- Mayne Location of Mayne within County Westmeath in Ireland
- Coordinates: 53°41′11″N 7°22′12″W﻿ / ﻿53.68639°N 7.37000°W
- Country: Ireland
- Province: Leinster
- County: County Westmeath
- Irish grid reference: N416709

= Mayne, County Westmeath (civil parish) =

Civil parish in County Westmeath, Ireland

Mayne, is a civil parish in County Westmeath, Ireland. It is located about 18 km north of Mullingar.

Mayne is one of eight civil parishes in the barony of Fore in the province of Leinster. The civil parish covers 7197 acre.
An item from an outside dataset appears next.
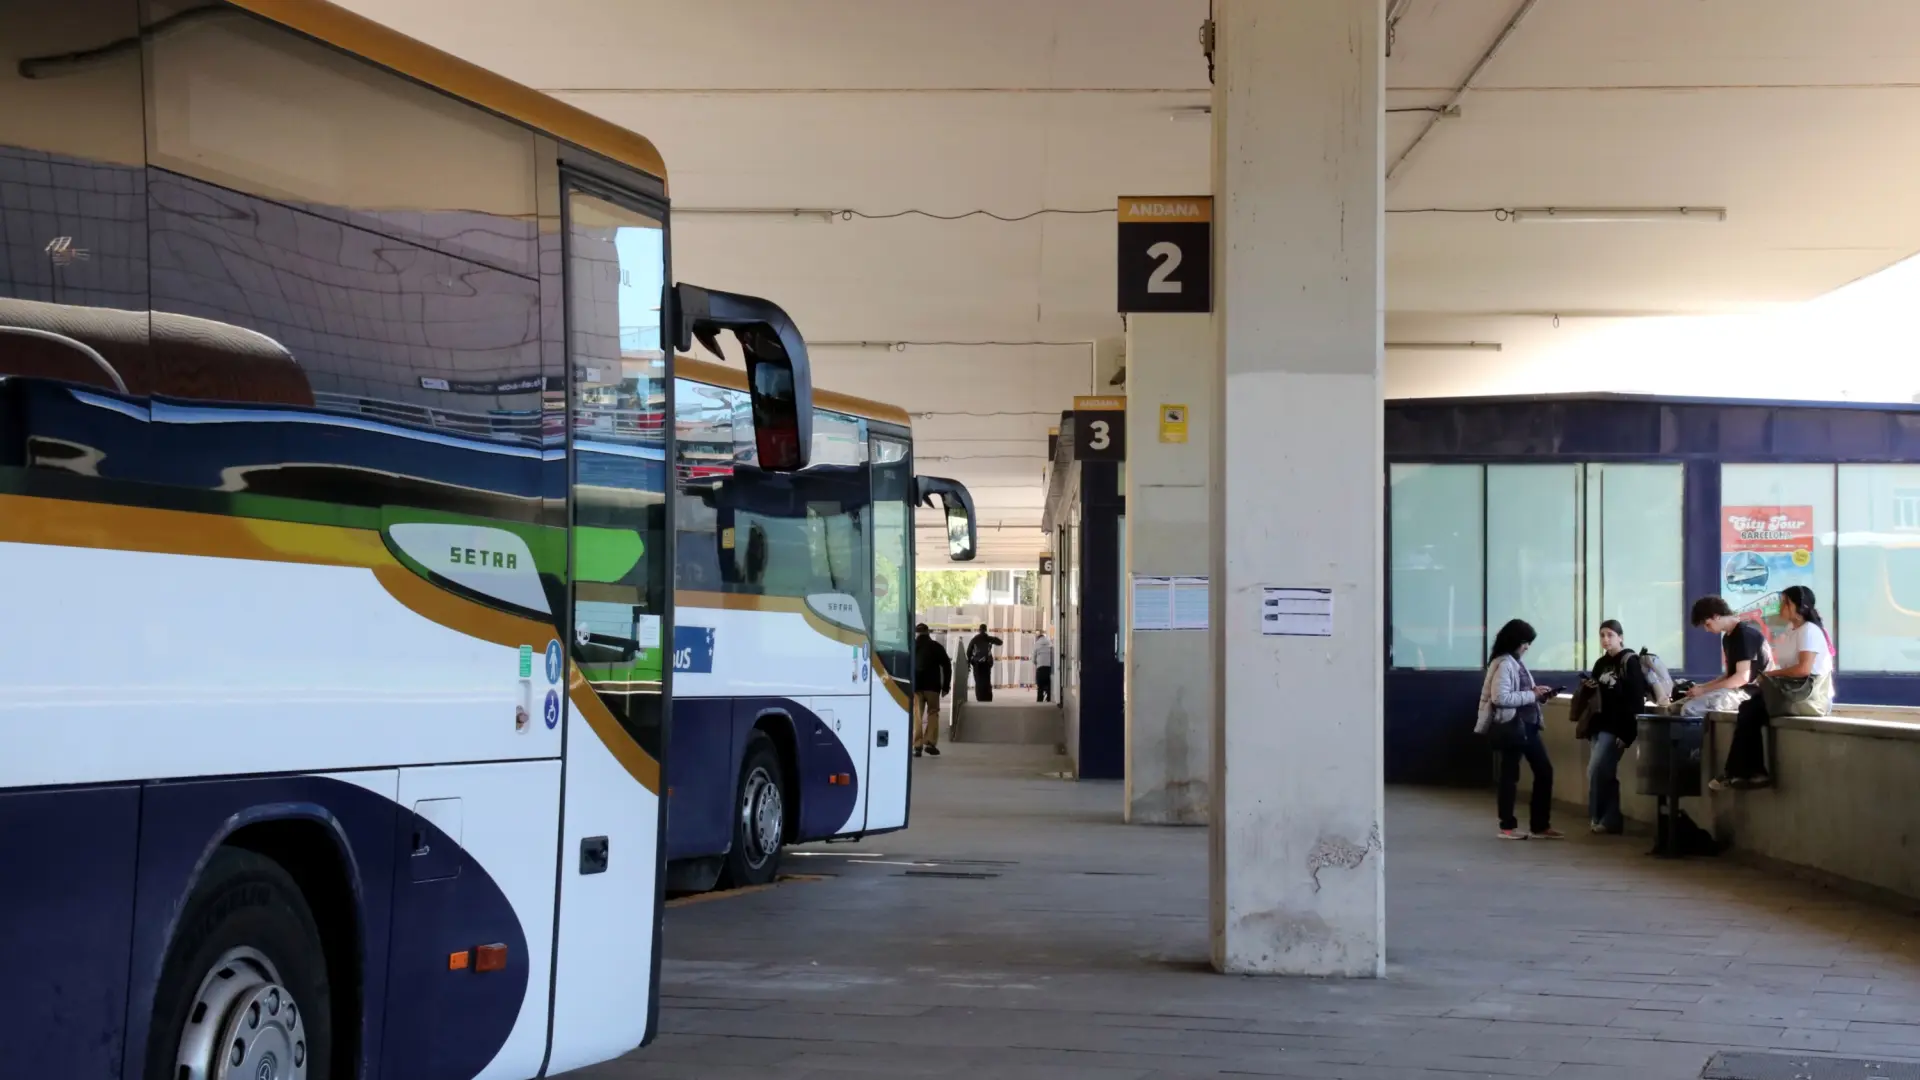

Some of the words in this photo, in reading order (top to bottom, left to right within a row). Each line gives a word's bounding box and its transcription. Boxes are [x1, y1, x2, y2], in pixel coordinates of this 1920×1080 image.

Mayne civil parish comprises the village of Coole and 19 townlands: Ballinealoe, Carn, Clonteens, Coole (townland), Coolure Demesne, Derrya, Fearmore, Lickny, Lispopple, Mayne, Monktown, Newtown, Nonsuch, Packenhamhall or Tullynally, Portjack, Shrubbywood, Simonstown, Tullynally or Pakenhamhall, Turbotstown, Williamstown.

The neighbouring civil parishes are: Lickbla to the north, Rathgarve to the east, Faughalstown to the south and Street to the west.